Et ce doute anxieux de moi, ce doute horrible
Qui jamais ne me quitte. Hélas! Je me dis "Non
Ce bonheur te serait peut-être bien possible
Pour quelques jours, et puis l'indomptable démon,
L'ennui te courberait sous sa griffe terrible!"
Non. La vie est ainsi que nul ne peut plier
Son âme à ses désirs, son sort à ses caprices
L'hirondelle se meurt aux cages protectrices:
Les douceurs du foyer, vainement tentatrices,
Ne sauraient, même à toi, pour longtemps me lier.
Il me faut l'amour vague et tendre que l'espace
Accueille en sa splendeur et dore de ses rayons;
Mon coeur est trop étroit et mon âme trop lasse;
Je puis aimer, oh! oui! mais j'ai perdu l'audace
De croire à mon amour plein de déceptions!
Alors!... Alors je veux rêver à l'heure chère
Où pendant un jour bref, notre amour s'incarnant
Ne vivra que le temps d'imprimer son mystère
A nos yeux éblouis d'un éclat rayonnant.
Mon âme n'est point faite au bonheur monotone;
Mon coeur ne cherche point un nid où s'enfouir;
Donnez-moi le grand ciel - qu'il gronde ou qu'il rayonne -
Et l'amour idéal qui ne peut me trahir.
Extrait de Poèmes de femme.
Le Beau
Il ne faut point chercher si loin le lac d’azur
Et le mont, et le fleuve, et les sombres vallées
Pour permettre à son coeur les vastes envolées
Et cet amour du Beau, si puissant et si pur.

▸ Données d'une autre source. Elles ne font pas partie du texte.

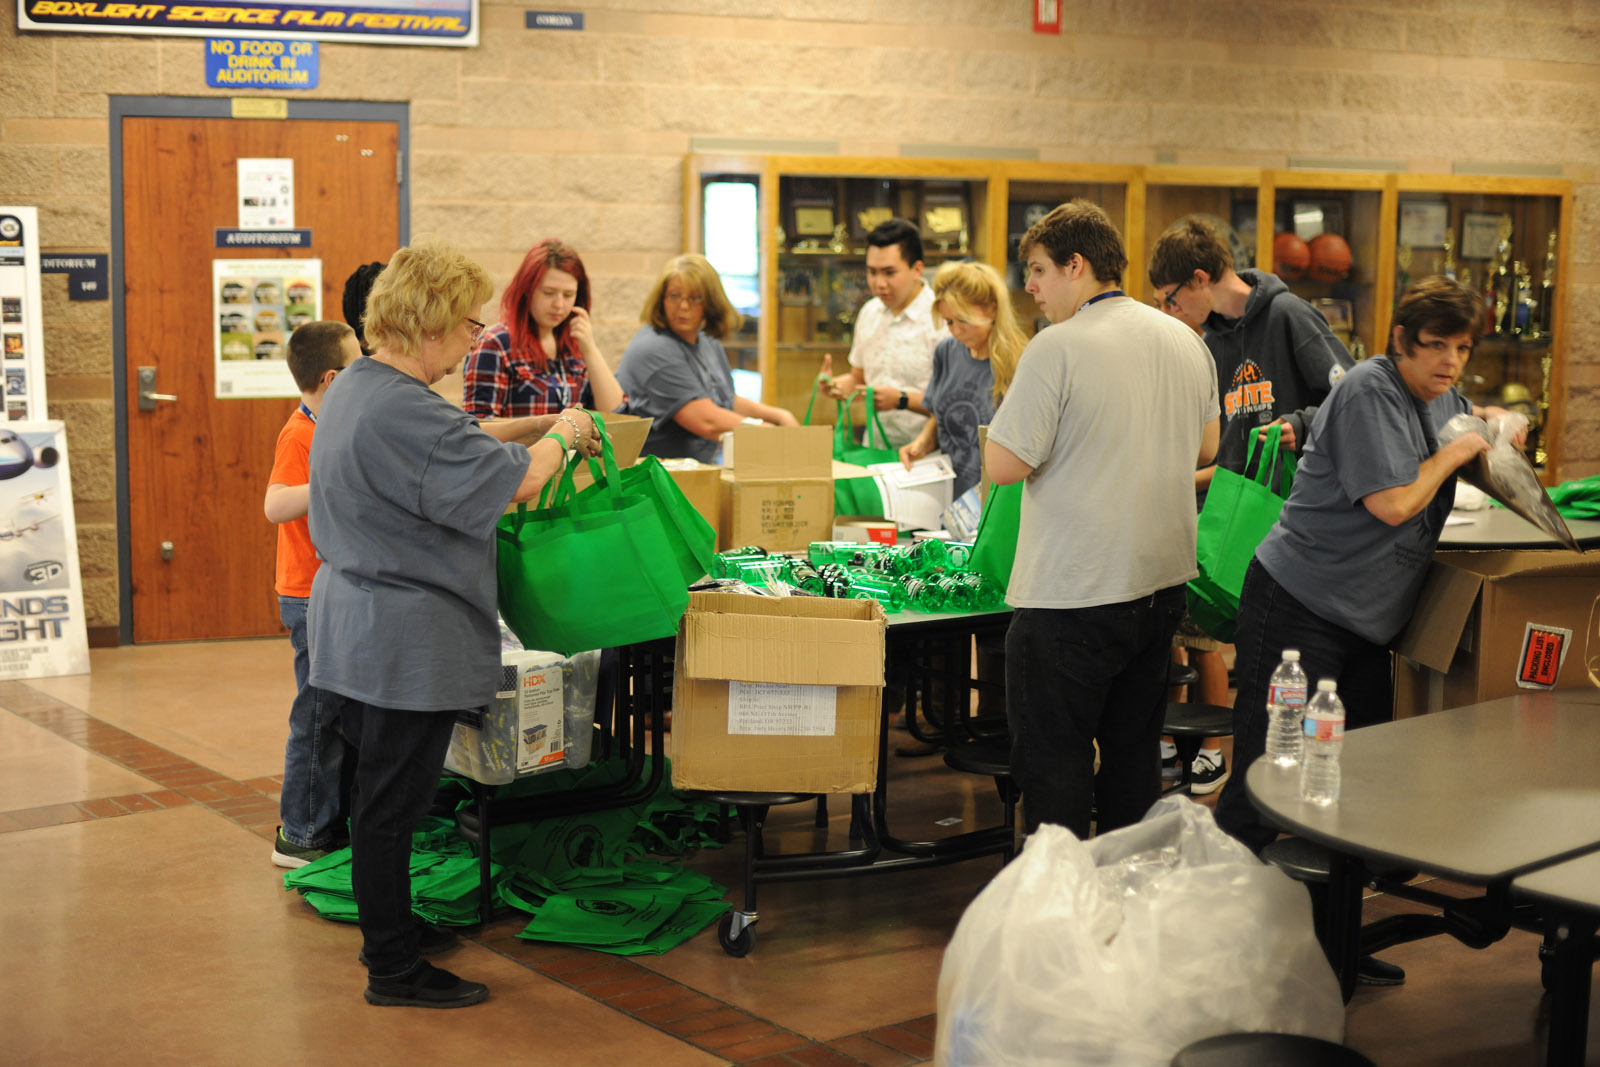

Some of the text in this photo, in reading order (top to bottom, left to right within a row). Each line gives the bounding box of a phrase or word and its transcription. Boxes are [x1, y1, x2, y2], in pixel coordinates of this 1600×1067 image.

Mais simplement lever les yeux ; et sur le toit
Regarder de la rue obscurément étroite
L’étroit morceau de ciel, qui scintille et miroite
De topaze et de pourpre su soleil qui décroît ;
Parfois un lourd nuage y glisse, triste, obscur ;
Et tous les soirs, su moins une étoile y vient luire
Et l’infini du Beau, qui ne peut se traduire,
Vibre entier dans cet astre et ce morceau d’azur !...
Ah ! le rêve est partout – et partout l’idéal,
– Et partout le bonheur – pour qui veut le comprendre.
La vie est si remplie ; et la main qu’on sait tendre
Peut saisir tant de mains ; et guérir tant de mal !
Et les yeux bien ouverts, les yeux qui veulent voir,
Peuvent tant admirer ! Mais, que de fleurs on passe
Qu’on ne regarde pas ! Et que de joies on chasse
Qui naissent tous les jours du plus humble devoir !
Cueillez toutes les fleurs, chacune a sa beauté.
Et regardez le ciel, fut-ce aux fenêtres closes ;
Et cherchez – comme en juin vous chercherez les roses –
Les tristes, pour leur voir un éclat de gaîté ;
Et prenez à la Vie avec tout votre coeur
Tout ce qu’elle vous offre. Et vivant aux coins sombres,
Levez les yeux, sachant qu’au-dessus de ces ombres
Le ciel brille – et l’amour – dans leur pure splendeur.